» **Records for the task**:
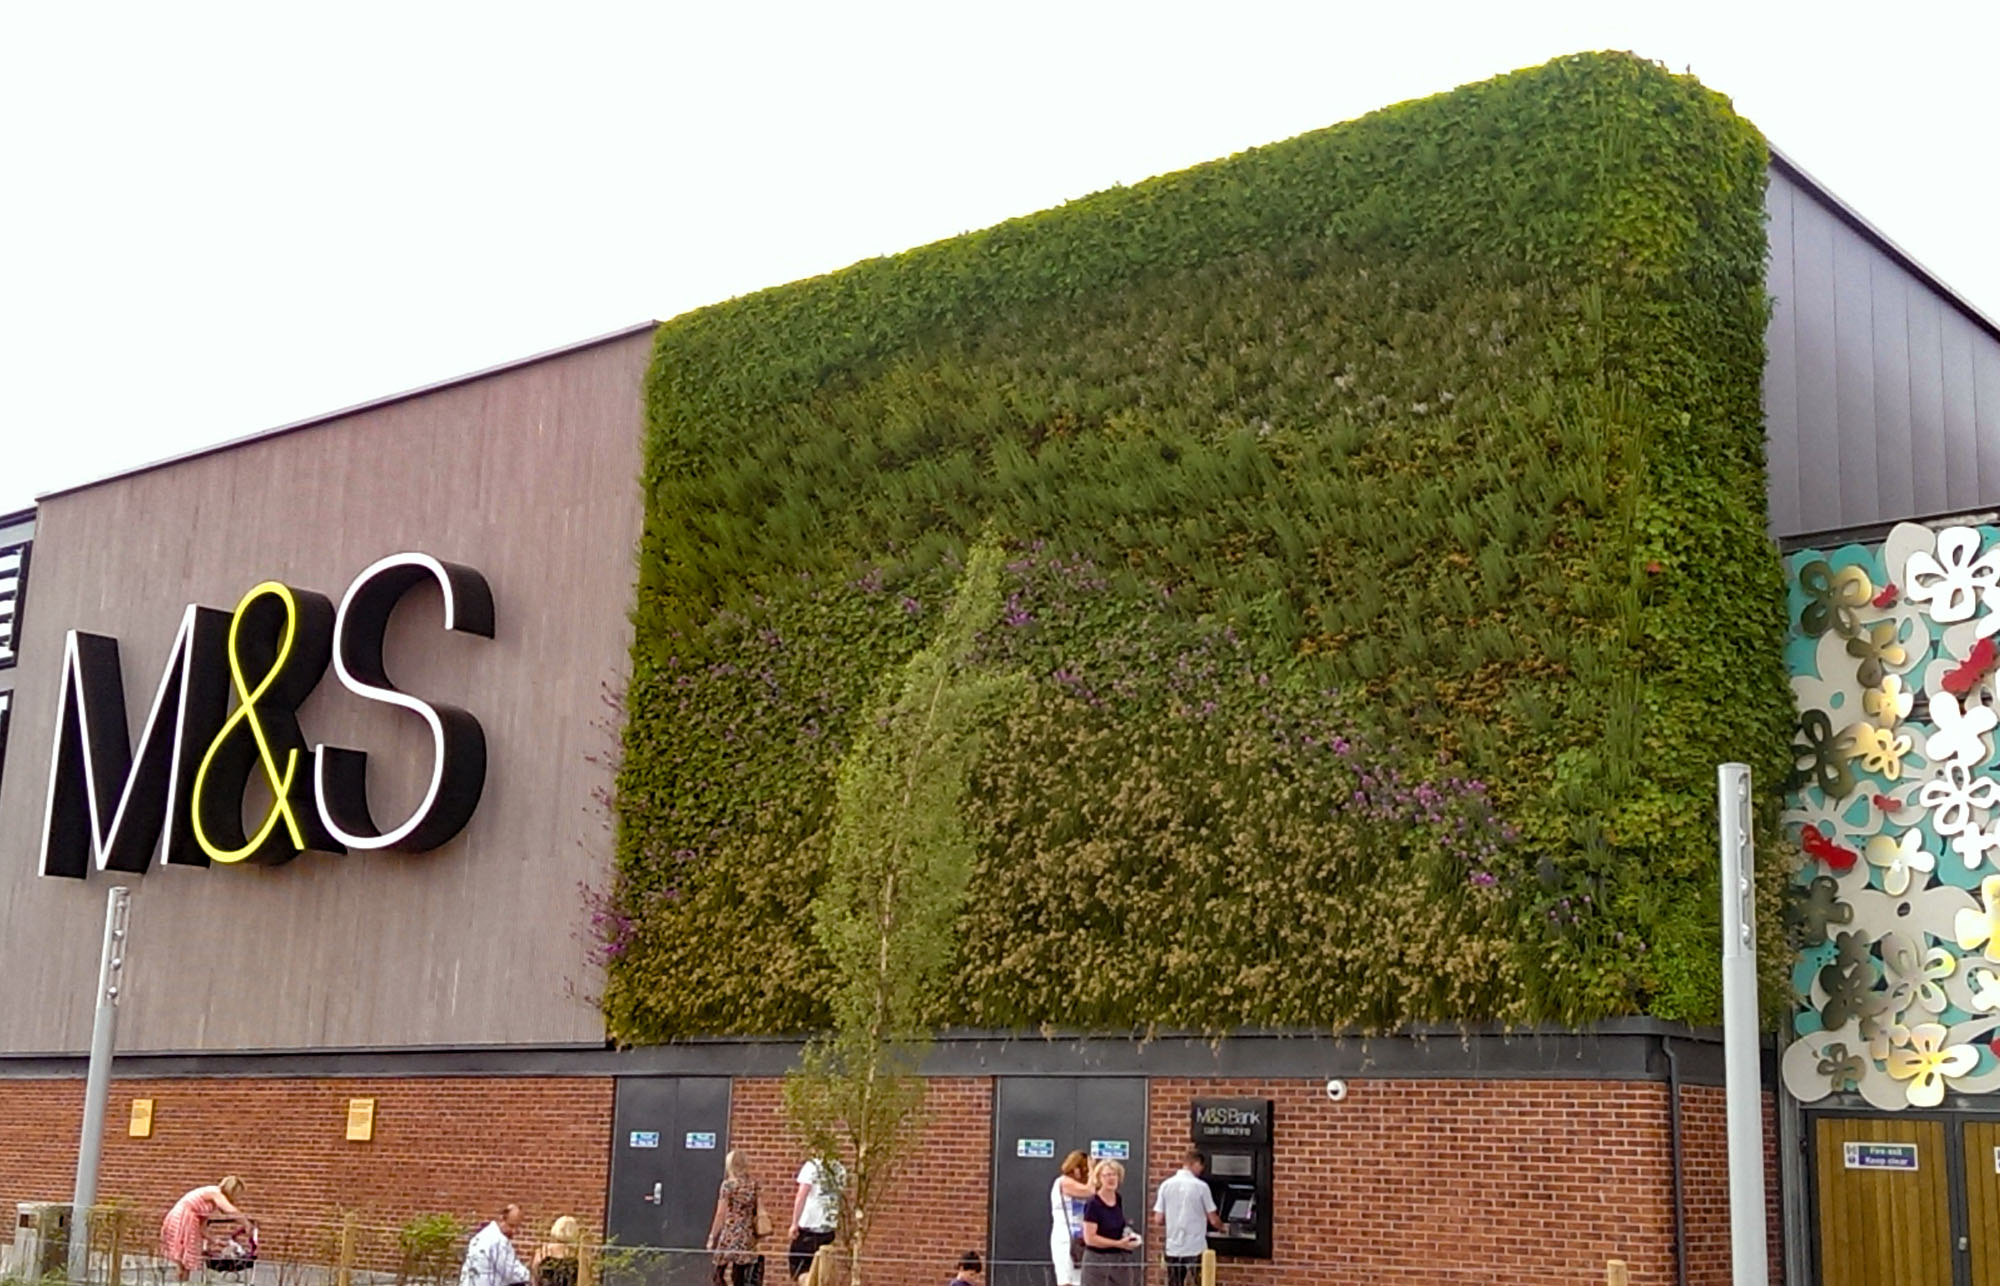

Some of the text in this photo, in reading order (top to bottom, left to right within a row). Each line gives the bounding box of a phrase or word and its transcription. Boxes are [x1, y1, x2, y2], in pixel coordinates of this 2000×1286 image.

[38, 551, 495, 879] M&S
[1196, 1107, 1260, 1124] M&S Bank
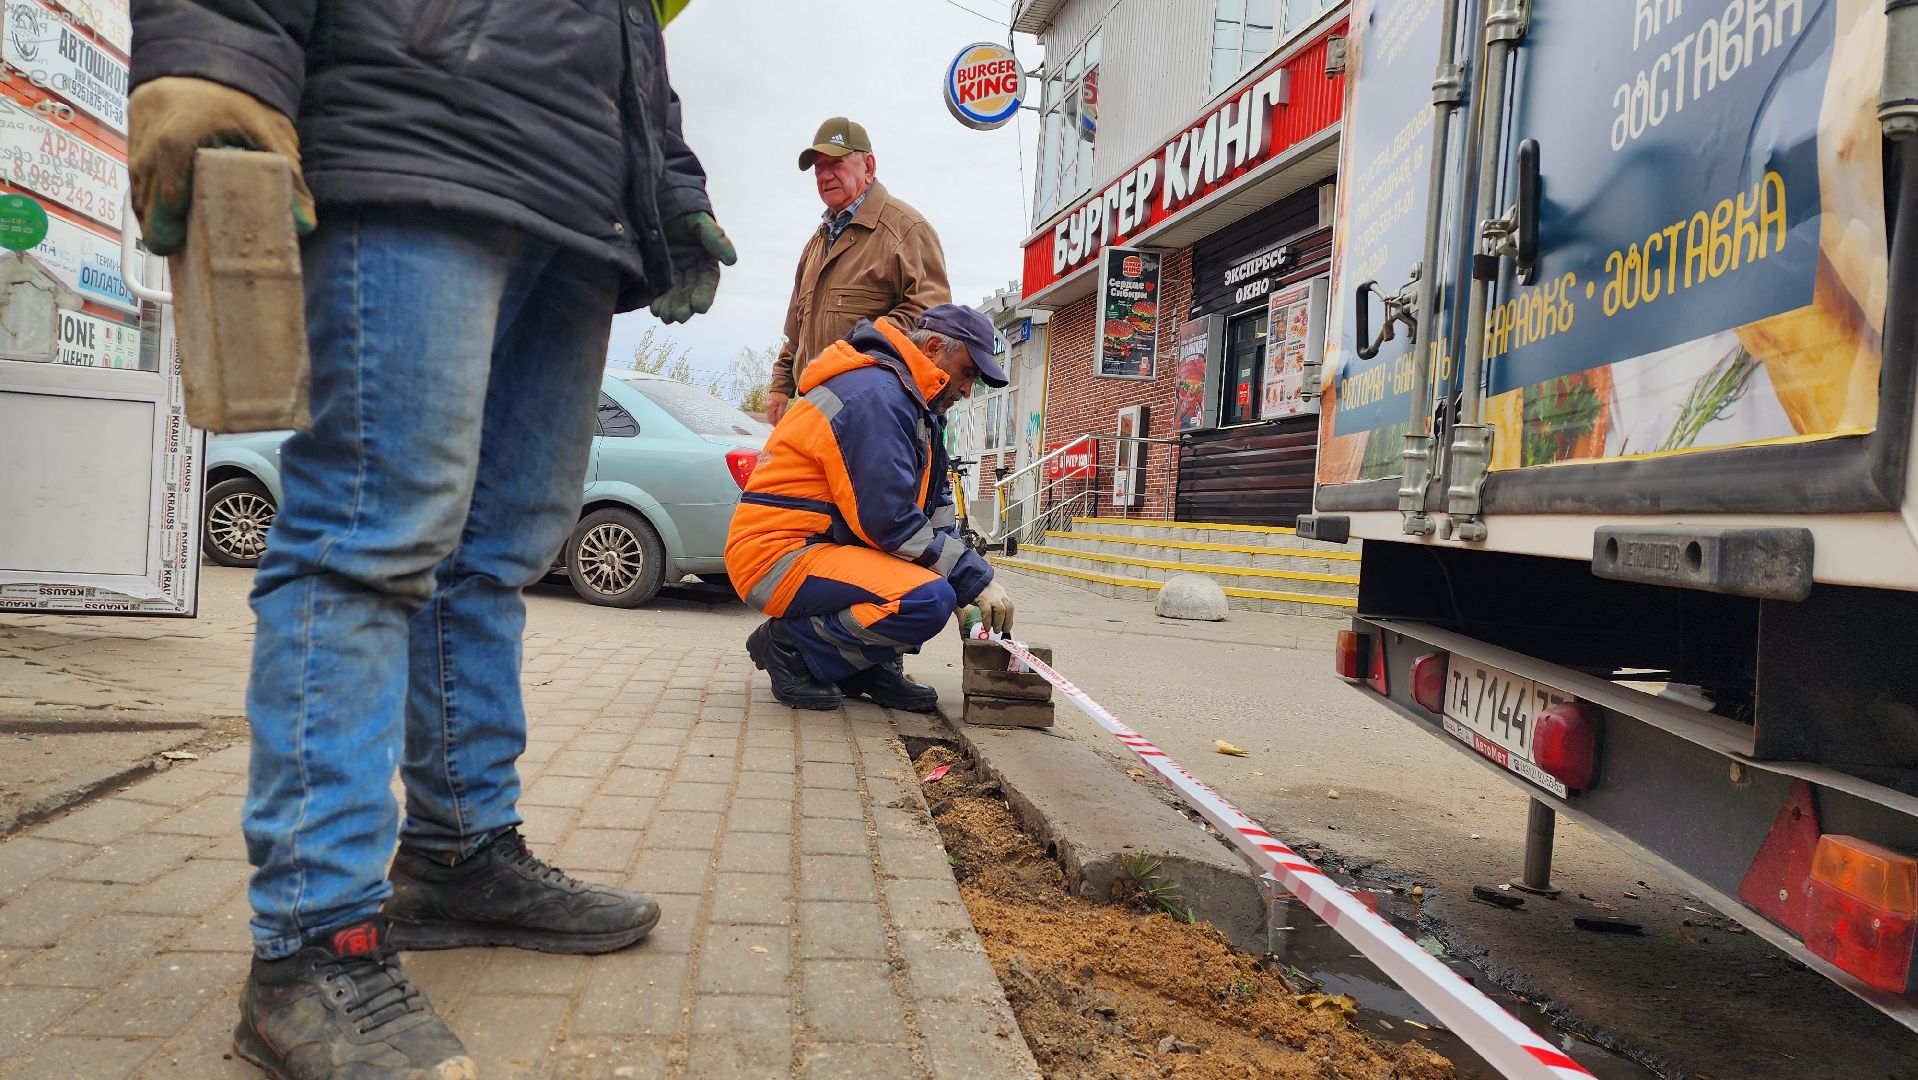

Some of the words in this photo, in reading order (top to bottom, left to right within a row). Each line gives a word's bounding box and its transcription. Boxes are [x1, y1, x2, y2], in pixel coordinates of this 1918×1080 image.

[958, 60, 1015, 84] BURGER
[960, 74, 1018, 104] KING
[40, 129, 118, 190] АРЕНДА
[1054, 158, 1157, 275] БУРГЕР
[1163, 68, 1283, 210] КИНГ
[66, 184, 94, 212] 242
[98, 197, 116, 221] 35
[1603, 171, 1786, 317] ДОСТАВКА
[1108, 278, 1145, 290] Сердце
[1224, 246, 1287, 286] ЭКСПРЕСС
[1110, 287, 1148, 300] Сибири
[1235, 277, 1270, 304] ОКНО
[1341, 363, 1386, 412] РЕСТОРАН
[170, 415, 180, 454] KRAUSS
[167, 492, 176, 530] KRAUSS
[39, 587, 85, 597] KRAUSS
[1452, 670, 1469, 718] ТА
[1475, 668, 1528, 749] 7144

» **What is required**: The response is the full listing, copied exactly, with the pictures omitted.

» **Exercise answer**:
Some of the text in this photo, in reading order (top to bottom, left to right within a row). Each line gives the bounding box of a phrase or word and its transcription. Boxes are [x1, y1, x2, y2], in pixel coordinates of this 2000×1286 image.

[38, 551, 495, 879] M&S
[1196, 1107, 1260, 1124] M&S Bank

Some of the words in this photo, in reading order (top to bottom, left to right within a row). Each line gives a word's bounding box and its transcription. Boxes are [x1, y1, x2, y2], in pixel coordinates of this 1918×1080 image.

[958, 60, 1015, 84] BURGER
[960, 74, 1018, 104] KING
[40, 129, 118, 190] АРЕНДА
[1054, 158, 1157, 275] БУРГЕР
[1163, 68, 1283, 210] КИНГ
[66, 184, 94, 212] 242
[98, 197, 116, 221] 35
[1603, 171, 1786, 317] ДОСТАВКА
[1108, 278, 1145, 290] Сердце
[1224, 246, 1287, 286] ЭКСПРЕСС
[1110, 287, 1148, 300] Сибири
[1235, 277, 1270, 304] ОКНО
[1341, 363, 1386, 412] РЕСТОРАН
[170, 415, 180, 454] KRAUSS
[167, 492, 176, 530] KRAUSS
[39, 587, 85, 597] KRAUSS
[1452, 670, 1469, 718] ТА
[1475, 668, 1528, 749] 7144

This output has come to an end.